Welcome to Danland As a writer of a book (see Book) it is oddly inevitable that one day I would imagine meeting an individual eager to adapt this shit for the screen. Don’t fret, dear friends, it really is purely my imagination...


Shortly before the romper-suits and the pac-a-macs of the guardians of convention bludgeon me into obscurity with a biscuit and half a shoe, barely a moment prior to hurling me into the back of a unicorn-drawn turnip and whipping me away to yet another job in a shop, I thought I’d take this opportunity to write a new introduction to my book. Whyever not? I ponder aloud. And then immediately realise that no one in this café has a clue of what I’m talking about. A middle-aged couple stare at me as if I’m mad. An attractive woman laughs with a horsey-snort. Out of nowhere I emit a half-cough-halfsneeze. I decide to call it a snough. And now I feel very silly indeed. In one chapter of the book (see Book) I describe - a somewhat loose and rather inaccurate term - a brief job on a million-dollar film. I began writing that piece by imagining a scenario way beyond my pickled shock in which I flog the rights to the book and the whole wodge of this pudding-like nonsense is one day made into a movie.

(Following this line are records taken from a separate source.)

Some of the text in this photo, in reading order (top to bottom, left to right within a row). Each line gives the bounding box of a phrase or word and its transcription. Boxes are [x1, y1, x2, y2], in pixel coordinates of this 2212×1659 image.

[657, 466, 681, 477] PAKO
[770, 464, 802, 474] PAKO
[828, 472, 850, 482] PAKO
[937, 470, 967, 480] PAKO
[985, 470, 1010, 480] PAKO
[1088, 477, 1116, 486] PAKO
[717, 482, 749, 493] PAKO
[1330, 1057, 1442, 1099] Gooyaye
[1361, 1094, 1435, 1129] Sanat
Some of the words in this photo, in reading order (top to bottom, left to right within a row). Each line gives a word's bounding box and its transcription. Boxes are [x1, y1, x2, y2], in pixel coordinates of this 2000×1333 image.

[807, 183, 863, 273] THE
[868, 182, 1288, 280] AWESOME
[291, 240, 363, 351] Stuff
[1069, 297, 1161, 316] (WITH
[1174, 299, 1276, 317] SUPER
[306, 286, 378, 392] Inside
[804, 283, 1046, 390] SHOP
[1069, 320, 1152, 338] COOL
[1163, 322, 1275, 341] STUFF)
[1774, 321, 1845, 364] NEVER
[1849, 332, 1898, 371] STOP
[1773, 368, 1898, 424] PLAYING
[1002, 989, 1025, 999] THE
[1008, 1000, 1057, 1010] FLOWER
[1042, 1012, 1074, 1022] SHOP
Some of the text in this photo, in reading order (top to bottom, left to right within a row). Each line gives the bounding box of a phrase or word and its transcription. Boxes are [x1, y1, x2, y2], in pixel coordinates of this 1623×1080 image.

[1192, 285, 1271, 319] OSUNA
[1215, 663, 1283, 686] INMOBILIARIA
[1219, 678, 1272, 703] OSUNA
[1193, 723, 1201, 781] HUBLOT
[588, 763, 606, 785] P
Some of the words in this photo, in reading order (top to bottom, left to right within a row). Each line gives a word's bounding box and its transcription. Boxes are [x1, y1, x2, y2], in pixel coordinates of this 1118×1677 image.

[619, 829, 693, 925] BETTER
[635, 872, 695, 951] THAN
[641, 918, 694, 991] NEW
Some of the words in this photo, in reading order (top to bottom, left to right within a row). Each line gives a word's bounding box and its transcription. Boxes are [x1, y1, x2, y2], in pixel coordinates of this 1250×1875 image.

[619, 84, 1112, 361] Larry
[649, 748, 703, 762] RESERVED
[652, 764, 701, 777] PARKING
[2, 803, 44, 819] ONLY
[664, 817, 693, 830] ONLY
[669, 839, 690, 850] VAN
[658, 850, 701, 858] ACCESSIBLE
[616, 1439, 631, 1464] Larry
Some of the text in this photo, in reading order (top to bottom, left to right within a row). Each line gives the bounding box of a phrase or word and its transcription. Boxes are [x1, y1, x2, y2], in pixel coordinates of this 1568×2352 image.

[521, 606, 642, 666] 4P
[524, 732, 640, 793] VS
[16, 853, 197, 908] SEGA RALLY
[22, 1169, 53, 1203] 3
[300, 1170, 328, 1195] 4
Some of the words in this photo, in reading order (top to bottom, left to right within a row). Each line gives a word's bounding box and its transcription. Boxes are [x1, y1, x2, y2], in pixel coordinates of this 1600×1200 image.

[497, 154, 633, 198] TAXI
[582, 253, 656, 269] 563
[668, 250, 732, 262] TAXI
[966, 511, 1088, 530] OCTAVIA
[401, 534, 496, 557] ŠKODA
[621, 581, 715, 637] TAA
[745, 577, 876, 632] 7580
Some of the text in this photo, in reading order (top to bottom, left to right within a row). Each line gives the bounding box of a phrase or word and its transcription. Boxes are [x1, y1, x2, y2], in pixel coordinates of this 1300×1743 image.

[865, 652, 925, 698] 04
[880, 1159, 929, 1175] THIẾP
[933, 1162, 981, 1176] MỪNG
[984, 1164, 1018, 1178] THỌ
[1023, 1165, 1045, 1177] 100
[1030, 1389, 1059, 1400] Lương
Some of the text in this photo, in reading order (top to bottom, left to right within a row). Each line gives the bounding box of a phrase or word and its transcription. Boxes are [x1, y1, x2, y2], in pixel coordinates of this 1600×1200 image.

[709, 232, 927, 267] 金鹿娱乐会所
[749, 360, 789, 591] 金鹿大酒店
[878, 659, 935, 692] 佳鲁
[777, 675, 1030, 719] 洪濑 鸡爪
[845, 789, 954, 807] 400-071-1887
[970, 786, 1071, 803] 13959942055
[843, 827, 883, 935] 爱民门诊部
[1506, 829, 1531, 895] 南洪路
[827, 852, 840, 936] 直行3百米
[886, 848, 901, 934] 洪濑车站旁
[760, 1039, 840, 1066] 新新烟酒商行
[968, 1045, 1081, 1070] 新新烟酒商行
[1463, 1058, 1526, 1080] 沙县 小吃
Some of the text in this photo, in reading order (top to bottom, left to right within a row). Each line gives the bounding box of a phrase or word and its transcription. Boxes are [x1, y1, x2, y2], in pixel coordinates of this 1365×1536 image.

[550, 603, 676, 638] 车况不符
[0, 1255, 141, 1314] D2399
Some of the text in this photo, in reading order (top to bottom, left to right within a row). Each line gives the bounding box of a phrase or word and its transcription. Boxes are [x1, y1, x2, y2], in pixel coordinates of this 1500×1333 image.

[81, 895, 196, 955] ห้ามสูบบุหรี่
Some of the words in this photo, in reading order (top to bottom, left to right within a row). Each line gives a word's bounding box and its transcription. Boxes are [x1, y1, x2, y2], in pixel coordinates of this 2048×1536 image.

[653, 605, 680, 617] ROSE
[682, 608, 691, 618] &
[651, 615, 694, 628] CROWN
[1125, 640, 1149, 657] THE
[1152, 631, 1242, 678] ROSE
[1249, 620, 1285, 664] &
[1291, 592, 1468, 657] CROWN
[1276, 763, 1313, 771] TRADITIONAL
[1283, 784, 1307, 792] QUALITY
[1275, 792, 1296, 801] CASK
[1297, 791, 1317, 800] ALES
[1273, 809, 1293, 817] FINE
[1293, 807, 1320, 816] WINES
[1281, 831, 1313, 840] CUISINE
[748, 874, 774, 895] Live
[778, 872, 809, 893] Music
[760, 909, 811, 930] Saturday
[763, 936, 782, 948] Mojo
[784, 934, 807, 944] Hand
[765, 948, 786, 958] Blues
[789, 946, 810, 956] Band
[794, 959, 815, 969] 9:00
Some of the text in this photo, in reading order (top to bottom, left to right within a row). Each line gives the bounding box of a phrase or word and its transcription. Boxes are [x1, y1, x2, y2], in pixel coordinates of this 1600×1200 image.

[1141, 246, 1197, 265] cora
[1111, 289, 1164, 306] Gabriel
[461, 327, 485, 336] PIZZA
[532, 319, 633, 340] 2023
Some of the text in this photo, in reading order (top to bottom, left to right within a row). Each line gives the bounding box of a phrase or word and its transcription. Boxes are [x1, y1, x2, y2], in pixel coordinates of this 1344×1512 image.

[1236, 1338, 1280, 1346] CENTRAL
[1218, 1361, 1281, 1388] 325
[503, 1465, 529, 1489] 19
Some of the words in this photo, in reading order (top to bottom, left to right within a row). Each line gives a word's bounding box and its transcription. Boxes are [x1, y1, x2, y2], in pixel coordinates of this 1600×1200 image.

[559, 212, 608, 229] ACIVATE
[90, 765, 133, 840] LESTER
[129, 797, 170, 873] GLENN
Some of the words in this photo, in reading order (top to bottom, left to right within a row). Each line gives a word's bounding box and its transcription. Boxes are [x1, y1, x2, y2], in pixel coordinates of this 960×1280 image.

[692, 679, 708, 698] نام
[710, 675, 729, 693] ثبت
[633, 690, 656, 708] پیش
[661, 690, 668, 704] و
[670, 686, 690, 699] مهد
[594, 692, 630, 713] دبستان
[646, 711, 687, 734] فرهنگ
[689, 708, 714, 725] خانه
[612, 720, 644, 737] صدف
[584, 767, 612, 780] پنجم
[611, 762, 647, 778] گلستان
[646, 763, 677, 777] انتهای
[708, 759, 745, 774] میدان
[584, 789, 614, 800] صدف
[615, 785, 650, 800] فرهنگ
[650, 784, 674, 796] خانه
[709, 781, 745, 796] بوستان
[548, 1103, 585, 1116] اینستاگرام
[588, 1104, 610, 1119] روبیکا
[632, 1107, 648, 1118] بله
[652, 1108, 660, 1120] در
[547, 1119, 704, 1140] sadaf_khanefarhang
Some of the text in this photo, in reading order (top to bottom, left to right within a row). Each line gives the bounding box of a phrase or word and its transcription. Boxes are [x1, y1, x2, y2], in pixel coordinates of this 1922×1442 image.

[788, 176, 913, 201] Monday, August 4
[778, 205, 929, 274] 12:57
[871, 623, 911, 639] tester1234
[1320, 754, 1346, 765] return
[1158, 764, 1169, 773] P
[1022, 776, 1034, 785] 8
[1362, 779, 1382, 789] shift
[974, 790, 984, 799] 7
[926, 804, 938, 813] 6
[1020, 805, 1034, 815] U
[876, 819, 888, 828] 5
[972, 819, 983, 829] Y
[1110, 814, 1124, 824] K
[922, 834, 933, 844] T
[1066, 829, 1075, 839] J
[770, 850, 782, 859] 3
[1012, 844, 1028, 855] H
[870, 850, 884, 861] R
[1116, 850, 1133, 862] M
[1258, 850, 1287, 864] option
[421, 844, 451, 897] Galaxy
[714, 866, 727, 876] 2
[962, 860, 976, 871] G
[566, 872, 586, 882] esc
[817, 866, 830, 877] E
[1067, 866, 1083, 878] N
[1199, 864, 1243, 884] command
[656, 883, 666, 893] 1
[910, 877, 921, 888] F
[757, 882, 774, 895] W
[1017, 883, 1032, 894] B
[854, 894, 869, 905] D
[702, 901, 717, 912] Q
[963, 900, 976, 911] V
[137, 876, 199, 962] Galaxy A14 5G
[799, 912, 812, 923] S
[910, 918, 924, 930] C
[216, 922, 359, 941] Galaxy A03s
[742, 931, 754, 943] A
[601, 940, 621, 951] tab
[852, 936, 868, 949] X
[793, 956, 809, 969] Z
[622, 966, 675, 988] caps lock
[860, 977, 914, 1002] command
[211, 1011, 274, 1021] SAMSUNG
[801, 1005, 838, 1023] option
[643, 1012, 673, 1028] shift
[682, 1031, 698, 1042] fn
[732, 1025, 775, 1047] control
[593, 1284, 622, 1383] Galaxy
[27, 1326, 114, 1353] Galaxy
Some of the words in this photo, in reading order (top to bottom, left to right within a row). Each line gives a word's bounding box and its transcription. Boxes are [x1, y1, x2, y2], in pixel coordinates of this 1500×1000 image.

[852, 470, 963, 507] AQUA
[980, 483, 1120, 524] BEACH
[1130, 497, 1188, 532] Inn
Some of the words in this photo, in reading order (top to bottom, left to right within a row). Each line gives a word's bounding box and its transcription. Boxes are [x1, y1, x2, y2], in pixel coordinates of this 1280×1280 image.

Of course, there’s a great deal of spitting-out both my dignity and whatever basic capability I have for rational thought right across the table - much in the same way that hearing of the sheer absurdity of the notion one 1


would splurt the crumbs of a croissant, or perhaps a slice of cake. For now though, since I have nothing better to do I’m going to pursue this stupidity and imagine the scenario once more. This time I’m going to imagine the movie as if it had a trailer. Sorry about that.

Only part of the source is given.